The reason for this is preventative measures that have been taken in disadvantaged neighborhoods since the beginning of the noughties: Homework help, careers advice, club work. "We try to integrate young people into healthy communities so that they don't seek 'subcultural recognition', as I call it, in destructive gang communities," Soei told the German press agency Deutsche Presse-Agentur.

There is also an unwritten rule in Danish gang culture that says you don't use children for such hard crimes, says Soei. "The fact that Danish gangs are now recruiting Swedish children is, among other things, a sign that the Danish gang environment has become more brutalized. It has become more violent and they shoot to kill rather than just to mark their territory," says the sociologist.

Countries do not want to stand idly by

Sweden has failed when it comes to youth crime, says criminologist Gerell. "Sweden must do more to prevent children from being drawn into these environments." But the Danish authorities also have homework to do, says Gerell: "For example, how can they stop Danish criminals hiring Swedish criminals?"

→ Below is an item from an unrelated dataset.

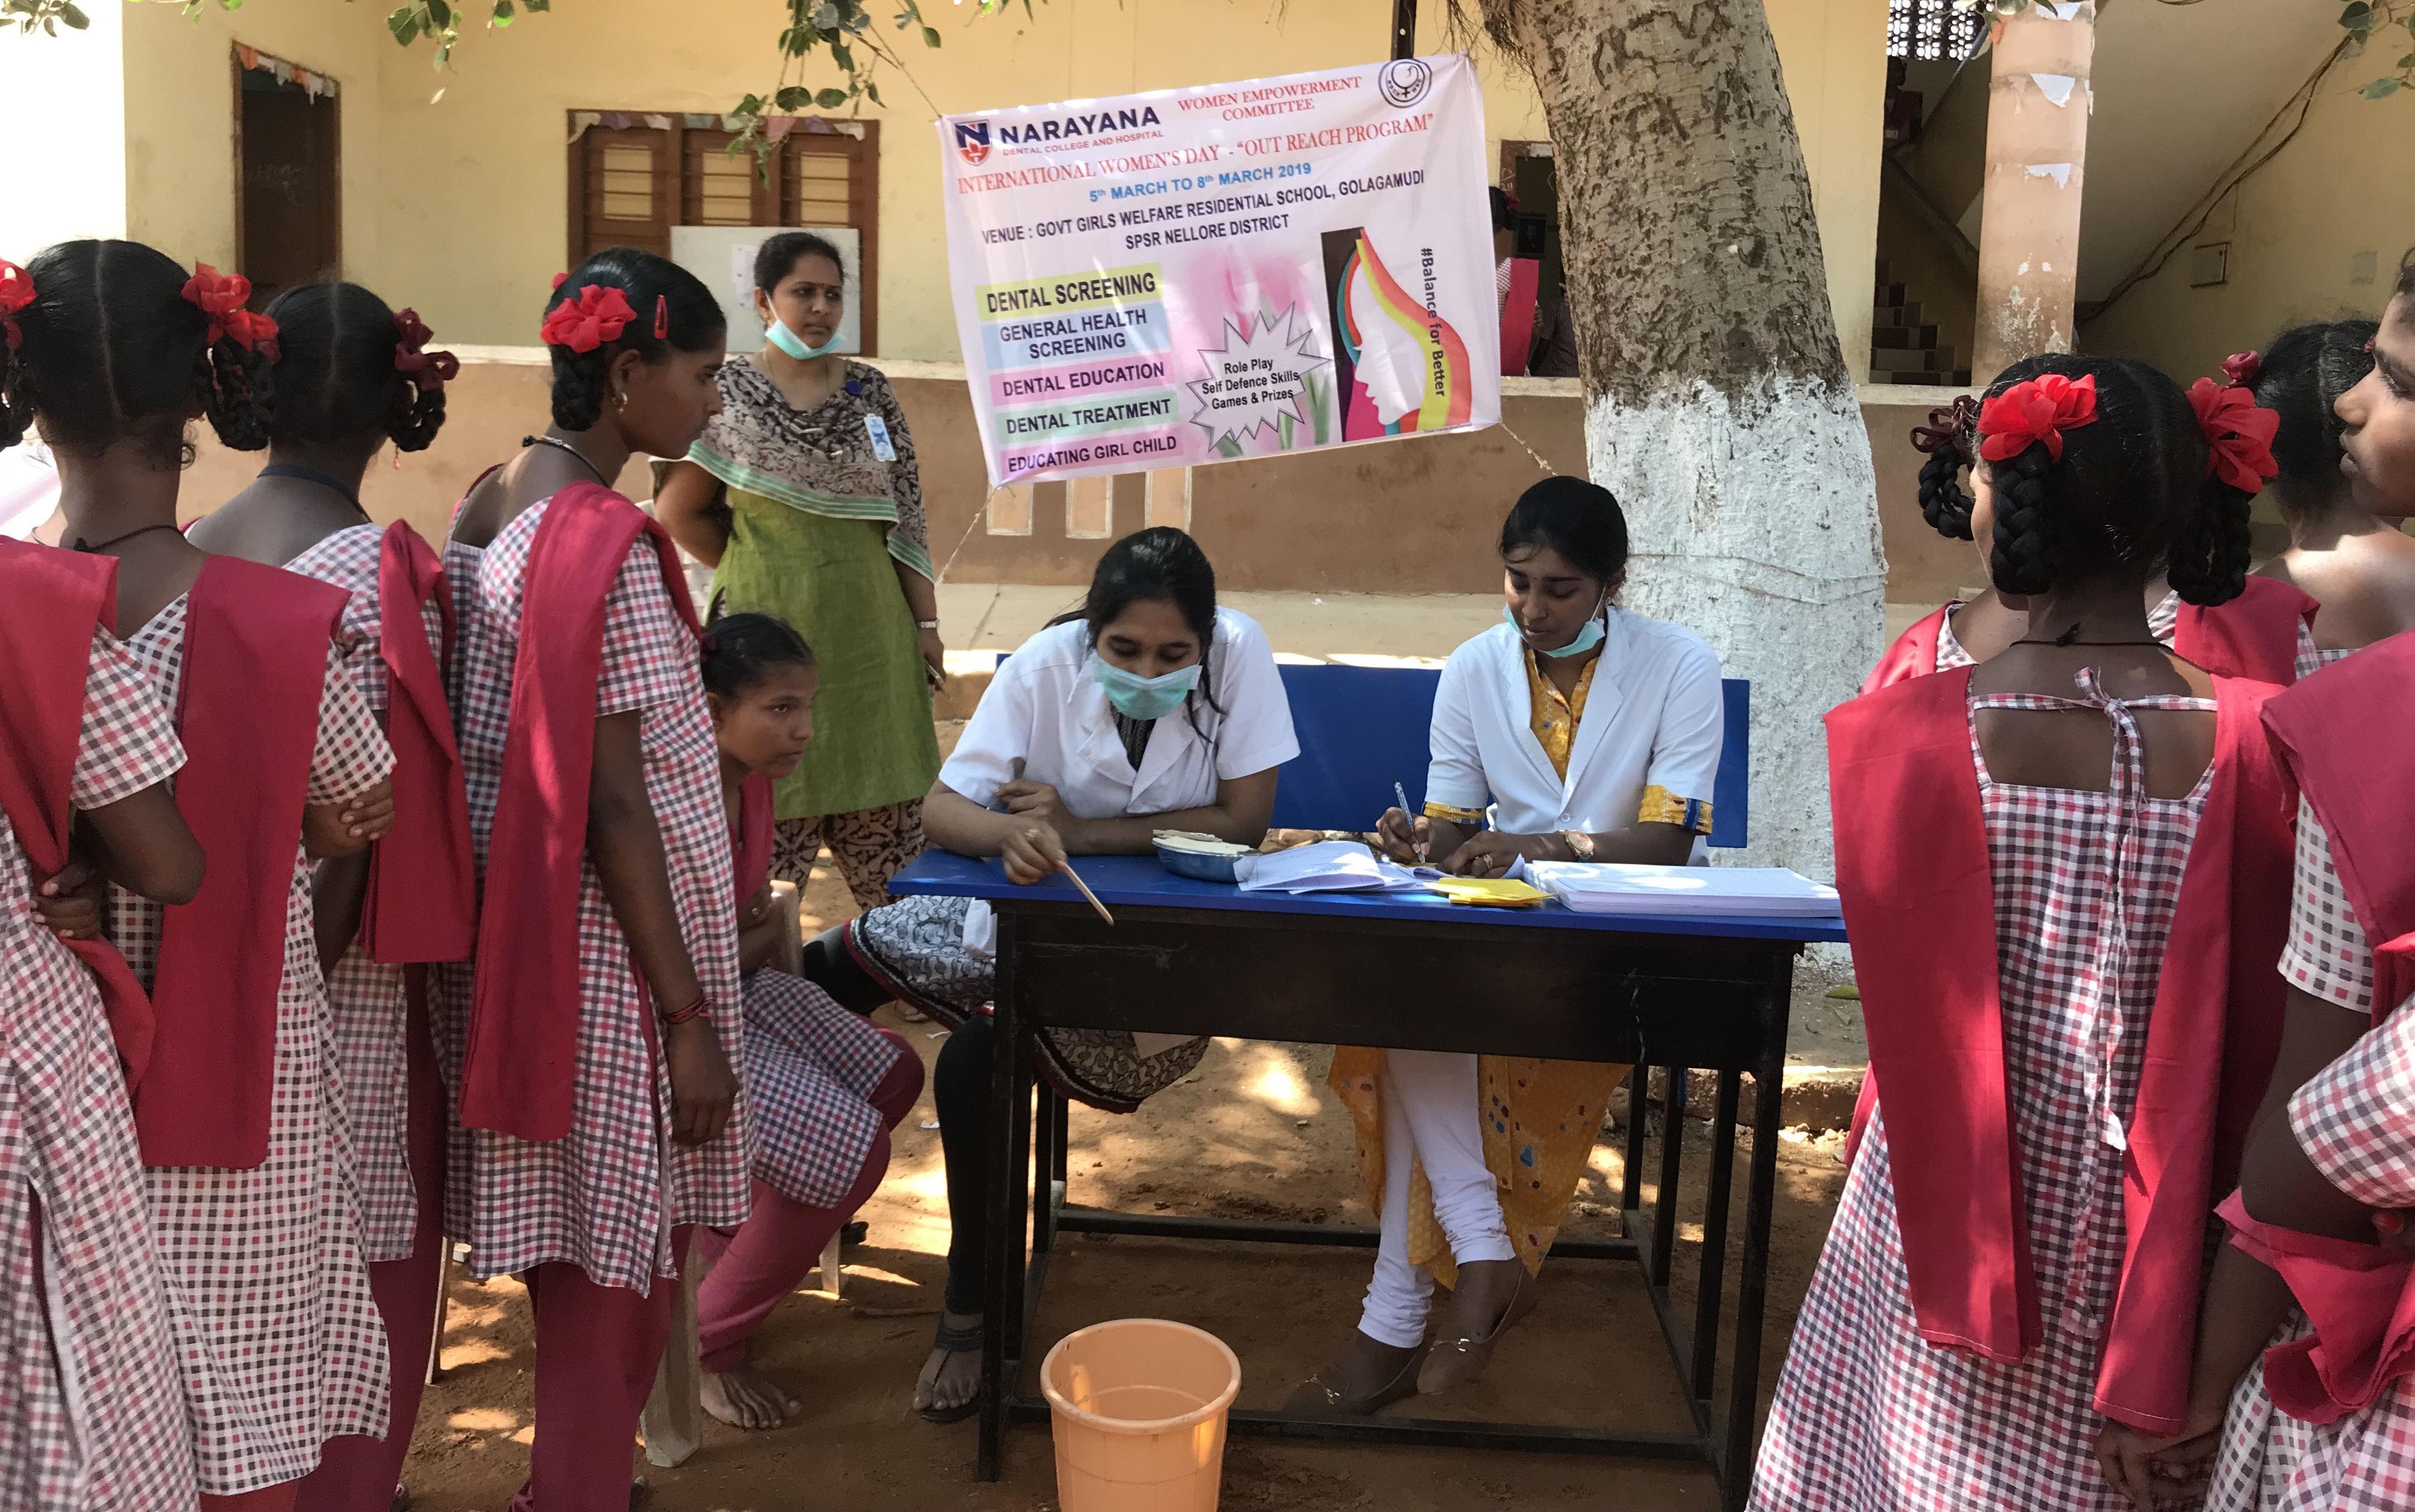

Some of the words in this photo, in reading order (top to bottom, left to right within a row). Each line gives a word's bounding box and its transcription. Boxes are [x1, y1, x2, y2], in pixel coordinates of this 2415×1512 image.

A first step could be increased official and political cooperation between the Scandinavian neighbors. At a meeting in Copenhagen, the countries' justice ministers - Hummelgaard and his Swedish counterpart Gunnar Strömmer - agreed to work more closely together in the fight against gangs, for example by exchanging more information. They also want to take stronger action against the use of digital channels by organized crime to recruit children and young people. Will they succeed? That remains to be seen.